CAPÍTULO 03

Aurora...

Depois da noite de ontem, não consegui dormir pensando no que meu pai havia falado durante o jantar. Ele me disse que havia colocado o corpo de minha mãe no mausoléu de nossa família e que não descansaria até encontrar o responsável por sua morte. Fiquei emocionada com essa informação, passei a manhã inteira refletindo sobre isso. Meus pais nunca se deram bem, principalmente depois que meu pai casou com Lucinda.

Marquei com ele de irmos até o mausoléu durante a tarde. Logo depois do almoço, meu pai teve que receber algumas pessoas em seu escritório e, pelo visto, o assunto era sério; as expressões de seu rosto o entregavam.

Subi para o meu quarto na expectativa de descansar um pouco, mas não deu muito certo. E agora cá estou eu em plena três da tarde, curtindo a brisa na varanda de meu quarto, esperando a hora de sair chegar. Confesso que, desde o enterro da minha mãe, jamais tive coragem de ir visitar seu túmulo no lugar onde ela estava enterrada antes, talvez por remorso de não ter me esforçado mais para que nossa relação desse certo ou simplesmente covardia.

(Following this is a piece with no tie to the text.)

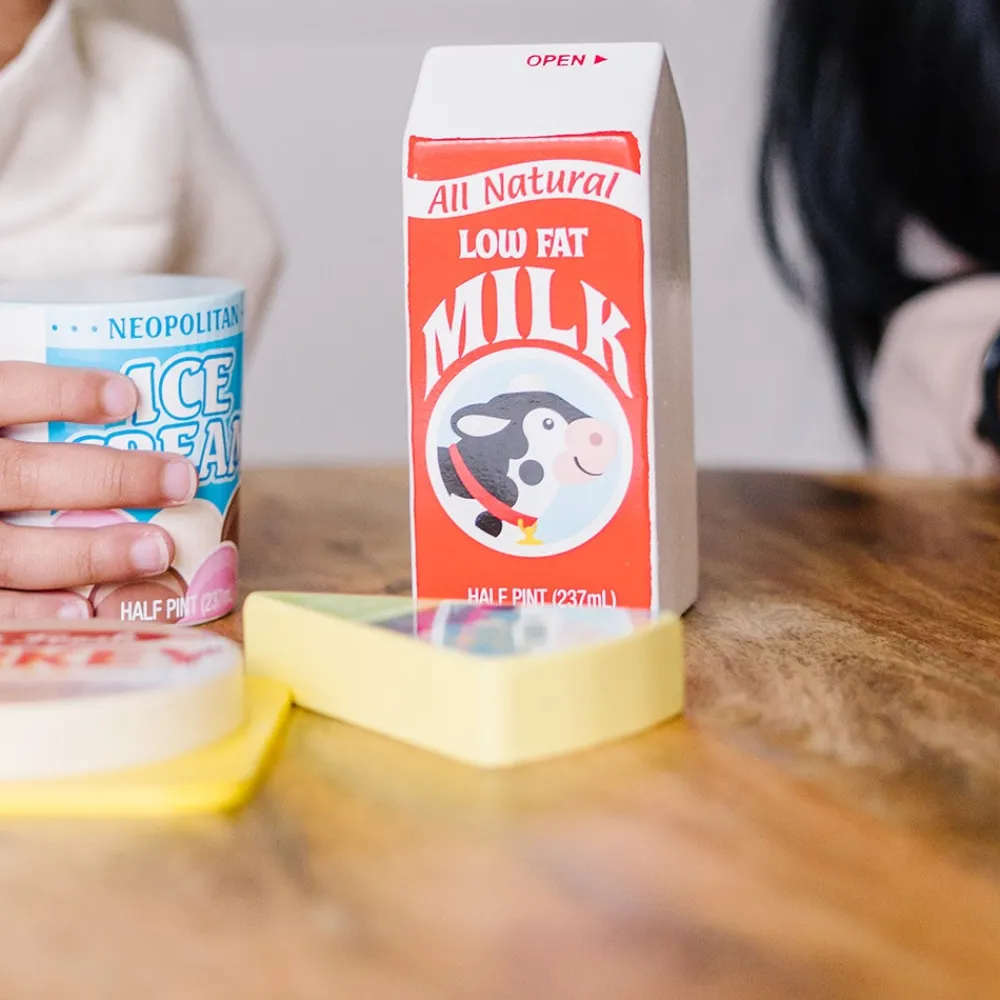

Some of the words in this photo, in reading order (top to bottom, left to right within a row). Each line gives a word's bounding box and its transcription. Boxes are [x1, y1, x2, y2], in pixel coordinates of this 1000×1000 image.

Minha mãe tinha um gênio muito difícil, tanto que até a própria família a rejeitou, não comparecendo nem em seu funeral. Eu poderia dizer que os entendo, mas estaria me enganando, pois não consigo entender tamanha rejeição mesmo diante de um momento tão delicado.

Minha mãe era uma Havelle, uma família inteira de bruxos poderosos. Minha genética é reforçada por poder, mas só uso em casos extremos. Cada um de minha linhagem desenvolveu um dom especial; minha mãe conseguia ter domínio das mentes, e eu desenvolvi o dom da cura. Posso curar apenas com um toque, o que é de grande ajuda na minha profissão. Nos casos mais graves, quando as espécies não conseguem se curar com suas próprias forças, eu estou lá para ajudá-los.

Eu e Vanessa trabalhamos em um hospital que o governo dos humanos construiu no meio deles. O motivo? Bem, existem lobos, panteras e outros de nós no meio deles; uns trabalhando no FBI, outros são professores nas universidades, e alguns são prefeitos de pequenas cidades. A verdade é que isso é apenas uma fachada que o governo armou para que pudessem ter uma proteção mais avançada bem próxima deles. Como sempre há lutas e sobrenaturais gravemente feridos, o hospital foi fundado para dar apoio, caso precise. Nele, também trabalham alguns humanos com uma reputação importante. Tudo isso é apenas uma forma de não levantar suspeitas sobre o que exatamente é atendido ali.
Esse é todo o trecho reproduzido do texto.